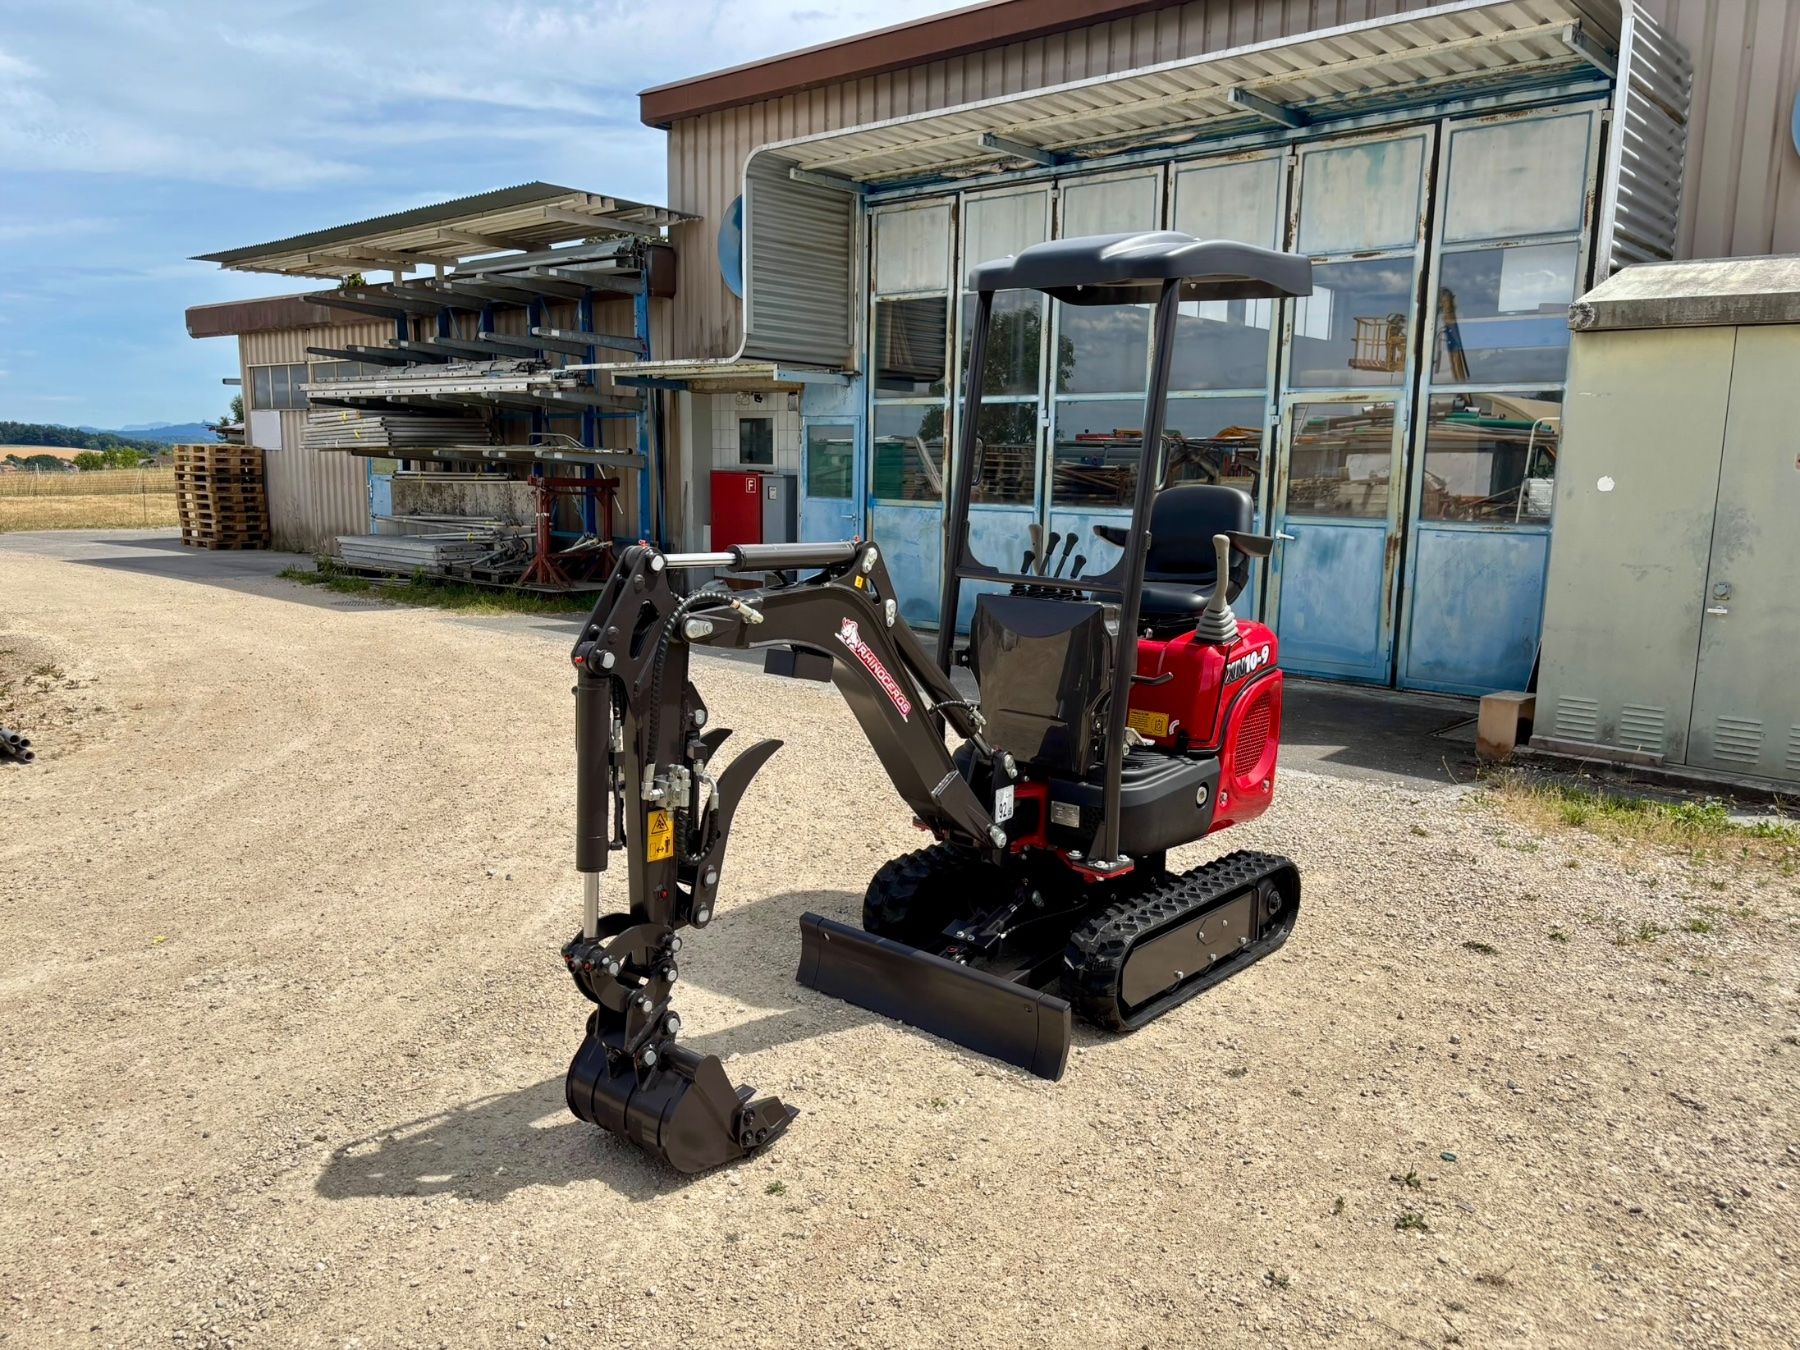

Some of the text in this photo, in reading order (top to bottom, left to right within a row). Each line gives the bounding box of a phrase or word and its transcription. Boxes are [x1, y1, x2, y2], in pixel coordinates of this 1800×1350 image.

[748, 479, 754, 491] F
[857, 644, 911, 714] RHINOCEROS
[1224, 645, 1270, 684] XN10-9
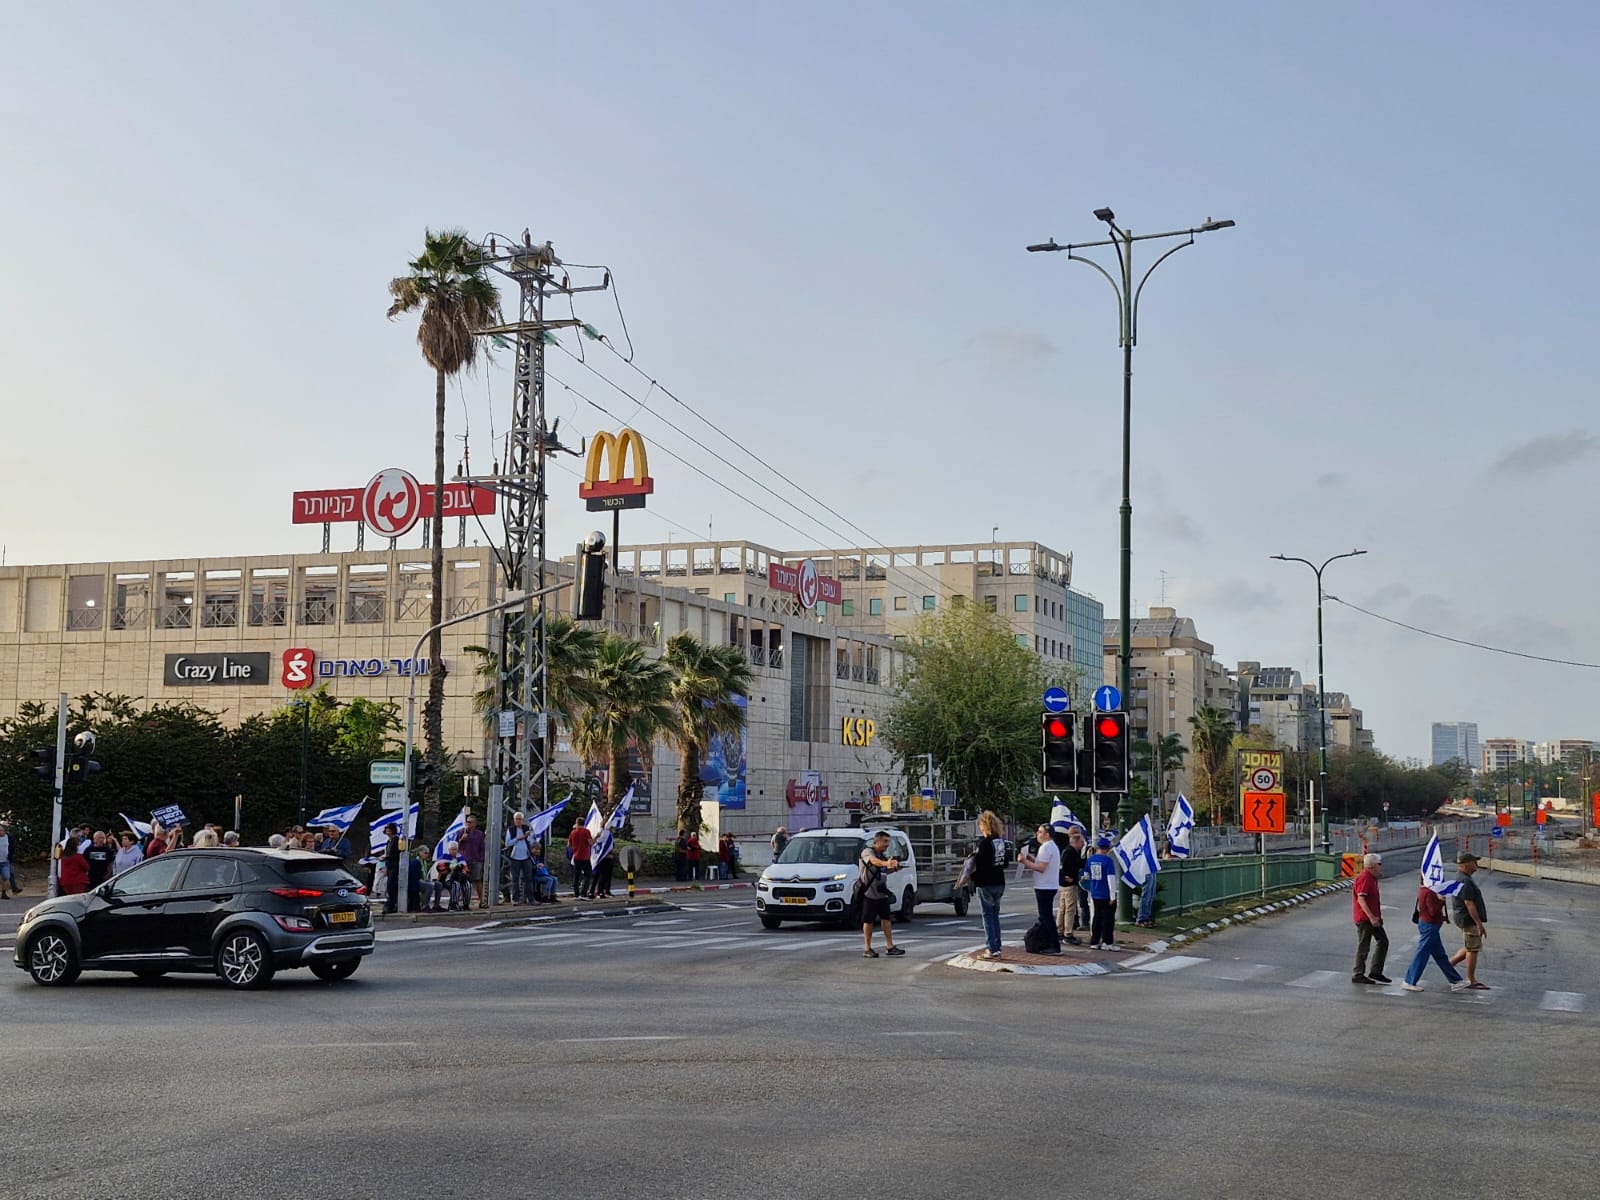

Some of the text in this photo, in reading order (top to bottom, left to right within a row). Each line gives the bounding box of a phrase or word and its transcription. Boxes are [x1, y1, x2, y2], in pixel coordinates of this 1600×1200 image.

[297, 495, 354, 518] קניותר
[602, 498, 625, 507] הכשר
[174, 656, 251, 682] Crazy Line
[1257, 775, 1271, 784] 50
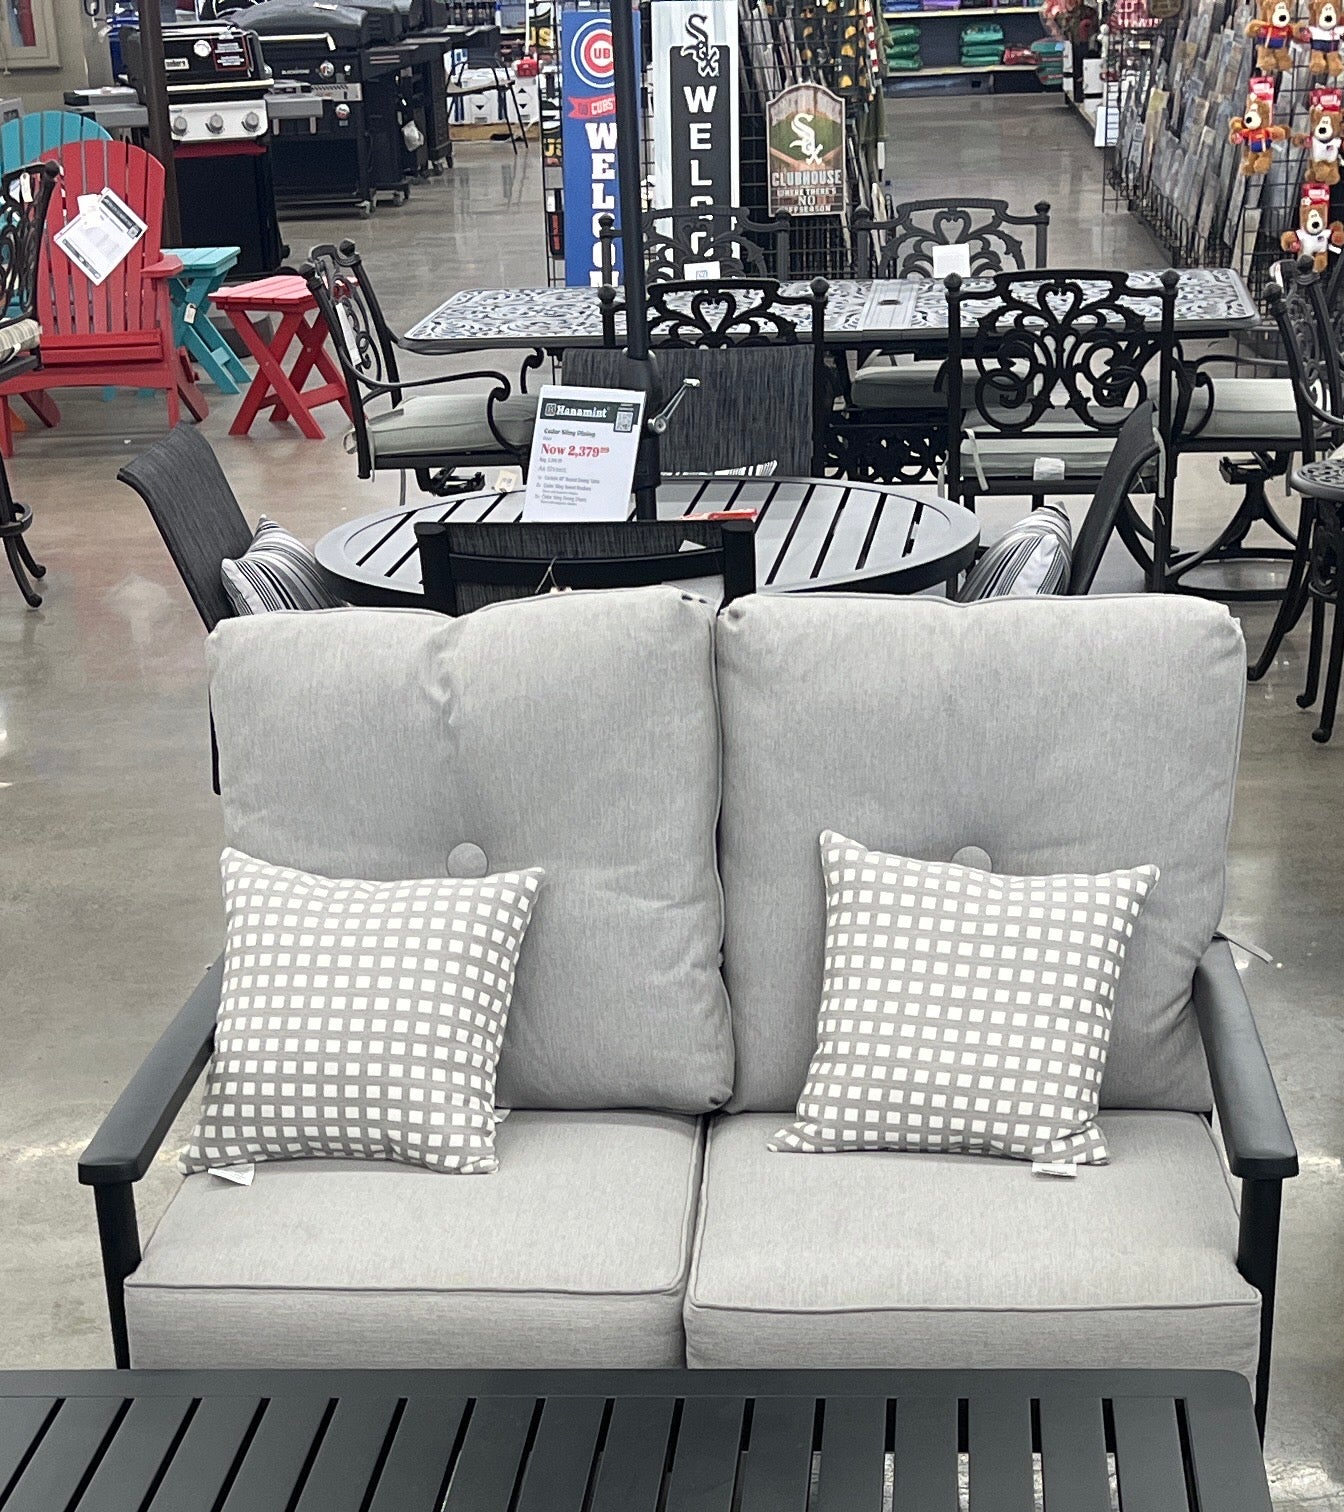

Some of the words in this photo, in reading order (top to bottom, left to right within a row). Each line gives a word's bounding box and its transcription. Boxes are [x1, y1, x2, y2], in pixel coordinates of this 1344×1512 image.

AIM OF THE TASK => Ignoring the pictures, write out word for word the lines from the line containing "this 1600×1200 image." through the end of the material above.

EXERCISE OUTPUT =>
Some of the text in this photo, in reading order (top to bottom, left to right within a row). Each line gives the bounding box of a phrase or word and its transcription. Boxes are [x1, y1, x2, y2], in pixel coordinates of this 1600×1200 image.

[297, 495, 354, 518] קניותר
[602, 498, 625, 507] הכשר
[174, 656, 251, 682] Crazy Line
[1257, 775, 1271, 784] 50

Some of the words in this photo, in reading order (top to bottom, left to right within a row). Each line gives a word's bounding box and its transcription. Boxes are [x1, y1, x2, y2], in pixel coordinates of this 1344×1512 image.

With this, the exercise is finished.